Les psychosociologues connaissent parfaitement ce trouble de la vie sociale: malgré ses milliers d’amis sur Facebook, Winnie L’Ourson se retrouve inexorablement tout seul le soir. Trop seul. Winnie est peut être ce qu’on appelle un «no life». On le sait, le virtuel à l’extrême (que ce soit celui des jeux vidéos ou des réseaux sociaux) est un facteur d’isolement bien réel: Le Monde vient encore de sortir un article sur le sujet. Jusque là, rien de neuf sous le soleil…
DE LA DE- A LA RE-MATERIALISATION
Ce qui est nouveau en revanche, c’est de constater que cette dichotomie virtuel/réel, associée à une dépendance aux outils technos, provoque une fatigue qui a des conséquences importantes dans la posture de certains discours : on se fatigue de l’immatériel, on réclame désormais du concret.
Le livre de Matthew B.Crawford, Eloge du carburateur : essai sur le sens et la valeur du travail, en est une parfaite illustration. Ainsi que la vie de son auteur : après un doctorat de maths et des études de philo, après avoir été l’éminence grise d’un think-tank d’économie à Washington, Matthew a tout plaqué pour devenir…réparateur de motos.
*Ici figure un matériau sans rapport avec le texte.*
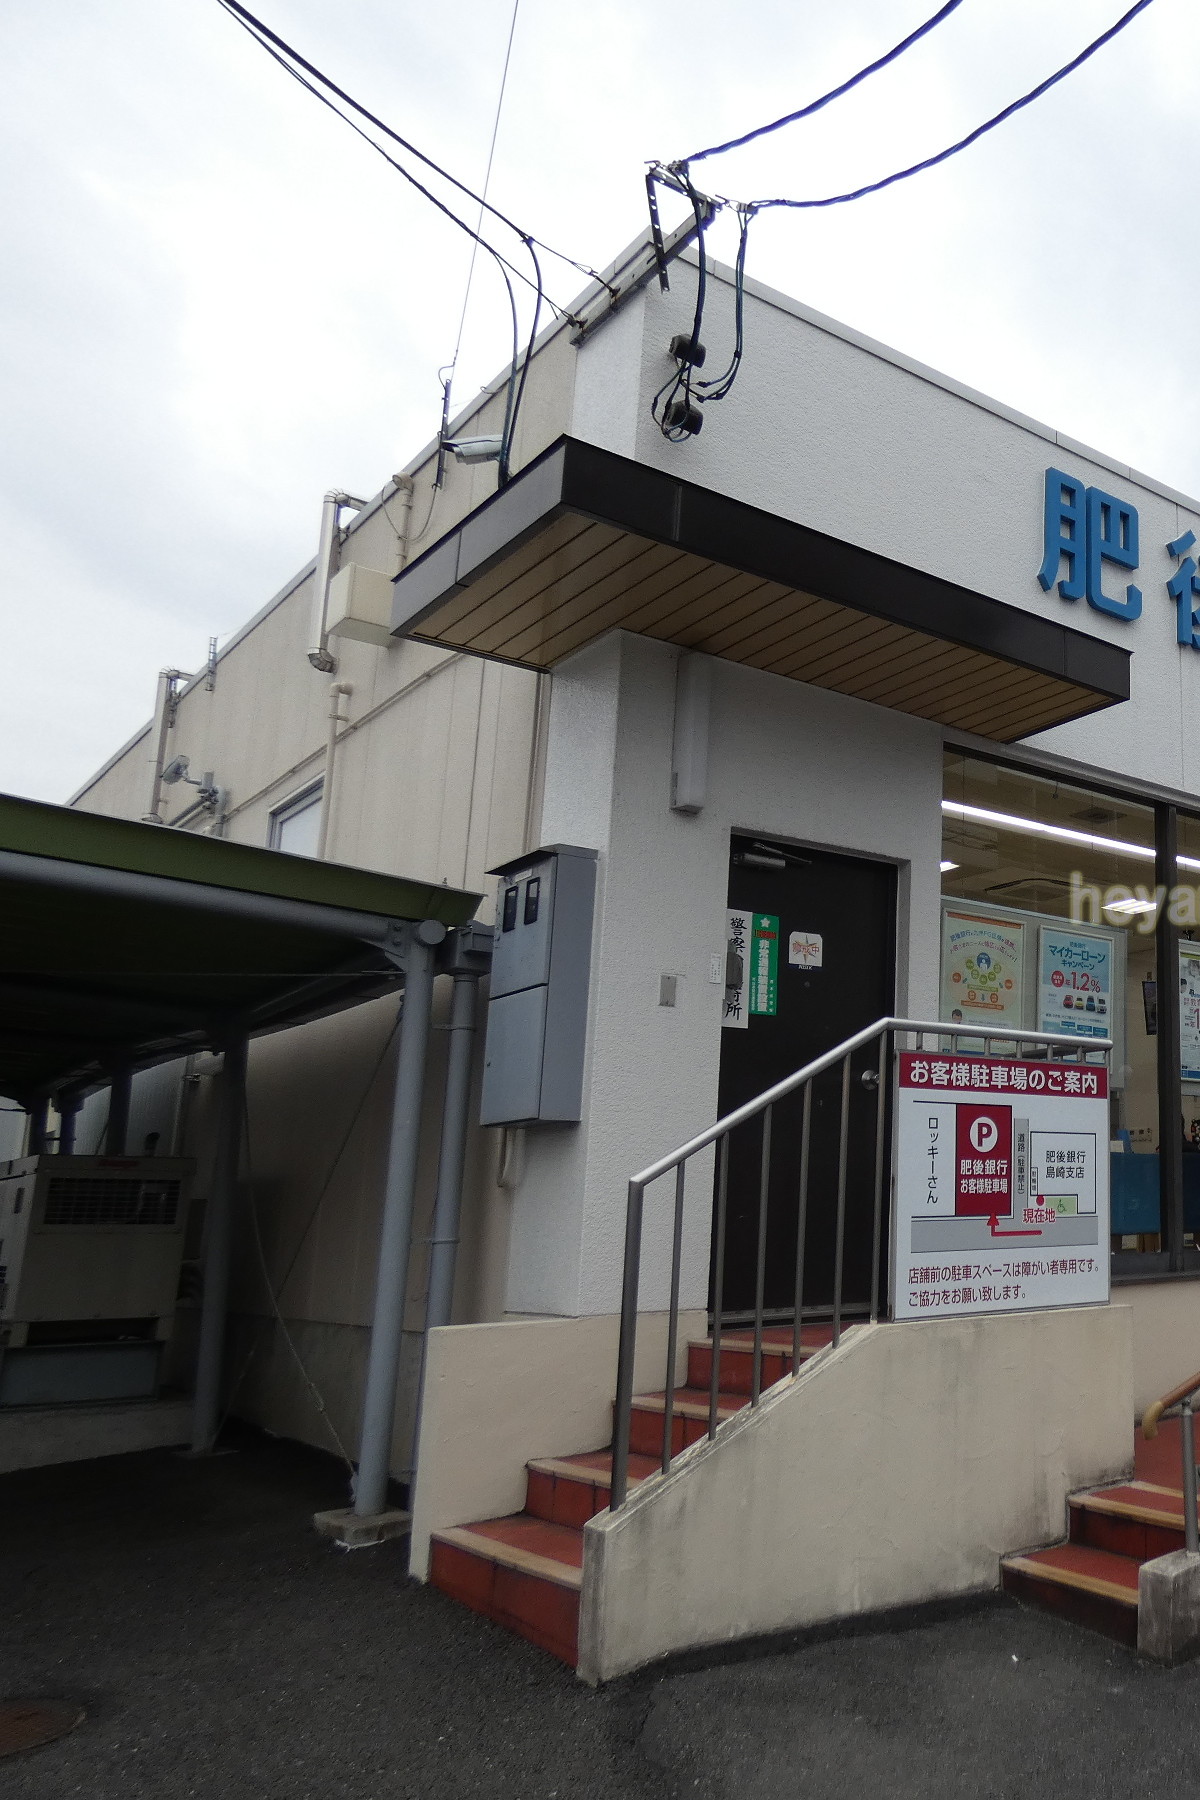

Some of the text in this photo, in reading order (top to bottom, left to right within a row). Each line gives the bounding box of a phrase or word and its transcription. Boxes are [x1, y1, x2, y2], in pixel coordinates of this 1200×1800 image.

[1048, 945, 1106, 964] マイカーローン
[1060, 959, 1095, 971] キャンペーン
[909, 1060, 1099, 1095] お客様駐車場のご案内
[977, 1122, 993, 1147] P
[926, 1117, 939, 1205] ロッキーさん
[1045, 1150, 1087, 1164] 肥後銀行
[960, 1159, 1008, 1177] 肥後銀行
[1045, 1165, 1085, 1180] 島崎支店
[960, 1178, 1008, 1195] お客様駐車場
[1022, 1207, 1056, 1224] 現在地
[908, 1258, 1099, 1284] 店舗前の駐車スペースは障がい者専用です。
[908, 1284, 1026, 1308] ご協力をお願い致します。
Dans son ouvrage – où il assimile les cadres sup aux ouvriers du XXIème siècle, il milite pour la revalorisation du travail manuel. Et il n’est pas le seul à l’appeler de ses vœux si on en croit les succès croissants des rayons «arts décoratifs manuels» des grands magasins et de la tendance «do-it-yourself».
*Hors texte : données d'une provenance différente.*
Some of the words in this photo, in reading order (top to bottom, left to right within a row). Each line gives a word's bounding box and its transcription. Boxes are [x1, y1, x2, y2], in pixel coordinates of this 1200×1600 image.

LE METISSAGE TECHNOLOGIQUE
Le désir de matérialité donne naissance à de nombreuses innovations hybrides, à la fois hyper technos et très concrètes, sans qu’elles soient rétrogrades pour autant. Les technos les plus avancées se mêlent alors aux technos les plus rudimentaires.
C’est une tendance illustrée de façon frappante par The Love Box, la première table de mixage vidéo faite en bois et conçue à la main. Créée par les trublions barcelonais de l’agence honest&smile, cet outil artisanal et rudimentaire permet de séparer son écran d’iPhone pour filmer à la fois devant et derrière soi. OK, dit comme ça, ce n’est pas dingue. Pourtant il rencontre un succès surprenant, car il s’apparente davantage à un objet de déco design qu’à un objet techno. La preuve: The Love Box est produite en série limitée (100 exemplaires) et vendue au musée Miba à Barcelone (mais aussi en ligne…). Un parfait témoignage du métissage technologique.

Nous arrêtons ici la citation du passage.